WASHINGTON, D.C. — Former President Donald Trump and 18 others were indicted by an Atlanta grand jury on Monday in a vast racketeering case, accusing Trump and some of his former top aides of orchestrating a “criminal enterprise” to overturn the results of the 2020 election in Georgia.

The 41-count indictment, an unprecedented challenge of presidential misconduct by a local prosecutor, brings charges against some of Trump’s most prominent advisers, including Rudolph W. Giuliani, his former personal lawyer, and Mark Meadows, who served as White House chief of staff at the time of the election, according to the New York Times and other news outlets with reporters on the ground in Atlanta.

“Trump and the other defendants charged in this indictment refused to accept that Trump lost, and they knowingly and willfully joined a conspiracy to unlawfully change the outcome of the election in favor of Trump,” prosecutors write in the indictment.

Trump, who is running again for president in the 2024 election and is the early favorite to win the Republican nomination, has now been indicted in four separate criminal investigations since April, including a federal indictment earlier this month over his attempts to cling to power after losing the 2020 election.
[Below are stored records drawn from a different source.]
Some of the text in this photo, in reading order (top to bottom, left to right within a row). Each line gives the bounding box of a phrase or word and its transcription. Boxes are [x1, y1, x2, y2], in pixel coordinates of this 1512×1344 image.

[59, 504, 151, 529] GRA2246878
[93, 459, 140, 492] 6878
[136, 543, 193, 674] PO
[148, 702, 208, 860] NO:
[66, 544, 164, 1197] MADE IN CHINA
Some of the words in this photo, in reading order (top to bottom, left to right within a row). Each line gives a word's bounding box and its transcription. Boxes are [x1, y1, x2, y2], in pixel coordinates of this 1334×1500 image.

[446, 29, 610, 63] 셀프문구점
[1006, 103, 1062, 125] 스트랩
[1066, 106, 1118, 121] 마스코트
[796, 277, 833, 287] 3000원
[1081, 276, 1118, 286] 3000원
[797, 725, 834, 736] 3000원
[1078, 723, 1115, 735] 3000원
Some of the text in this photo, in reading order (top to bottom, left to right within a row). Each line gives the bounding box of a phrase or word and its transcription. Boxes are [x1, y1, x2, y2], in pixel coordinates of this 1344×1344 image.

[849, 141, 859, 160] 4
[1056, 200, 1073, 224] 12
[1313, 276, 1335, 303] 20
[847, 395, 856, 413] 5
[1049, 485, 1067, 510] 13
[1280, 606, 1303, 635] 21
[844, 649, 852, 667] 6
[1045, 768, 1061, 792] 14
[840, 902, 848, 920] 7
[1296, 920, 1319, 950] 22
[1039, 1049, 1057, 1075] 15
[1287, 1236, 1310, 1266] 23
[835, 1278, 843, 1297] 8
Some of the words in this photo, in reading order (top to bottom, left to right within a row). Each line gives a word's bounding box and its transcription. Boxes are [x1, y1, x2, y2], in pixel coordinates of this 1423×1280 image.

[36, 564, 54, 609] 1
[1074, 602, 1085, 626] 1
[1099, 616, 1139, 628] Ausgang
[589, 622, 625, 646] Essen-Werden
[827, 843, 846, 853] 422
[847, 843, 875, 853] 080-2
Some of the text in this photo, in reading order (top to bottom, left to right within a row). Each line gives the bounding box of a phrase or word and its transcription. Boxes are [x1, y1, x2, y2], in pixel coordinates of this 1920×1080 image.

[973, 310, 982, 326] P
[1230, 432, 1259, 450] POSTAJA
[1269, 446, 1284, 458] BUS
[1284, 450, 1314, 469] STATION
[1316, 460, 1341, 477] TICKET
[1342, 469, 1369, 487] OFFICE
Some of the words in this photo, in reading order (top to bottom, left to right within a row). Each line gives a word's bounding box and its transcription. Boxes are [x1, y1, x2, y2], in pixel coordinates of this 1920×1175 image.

Although that case covers some of the same ground as the one in Georgia, there are crucial differences between state and federal charges: Even if Mr. Trump were to regain the presidency, the prosecutors in Georgia would not report to him, nor would he have the power to attempt to pardon himself if convicted.

And the new indictment presents the most extensive set of accusations yet against the former president, alleging a vast conspiracy reaching from the Oval Office to the Georgia Republican Party to an election official in a rural county.

The indictment laid out eight ways the defendants were accused of obstructing the election: by lying to the Georgia state legislature, lying to state officials, creating fake pro-Trump electors, harassing election workers, soliciting Justice Department officials, soliciting Vice President Mike Pence, breaching voting machines and engaging in a cover-up.

The indictment also spells out 161 separate actions that prosecutors say were taken to further the alleged criminal conspiracy, including events like Giuliani’s false testimony about election fraud to Georgia lawmakers in early December and Trump’s telephone call to the Georgia secretary of state in early January urging him to “find” 12,000 votes.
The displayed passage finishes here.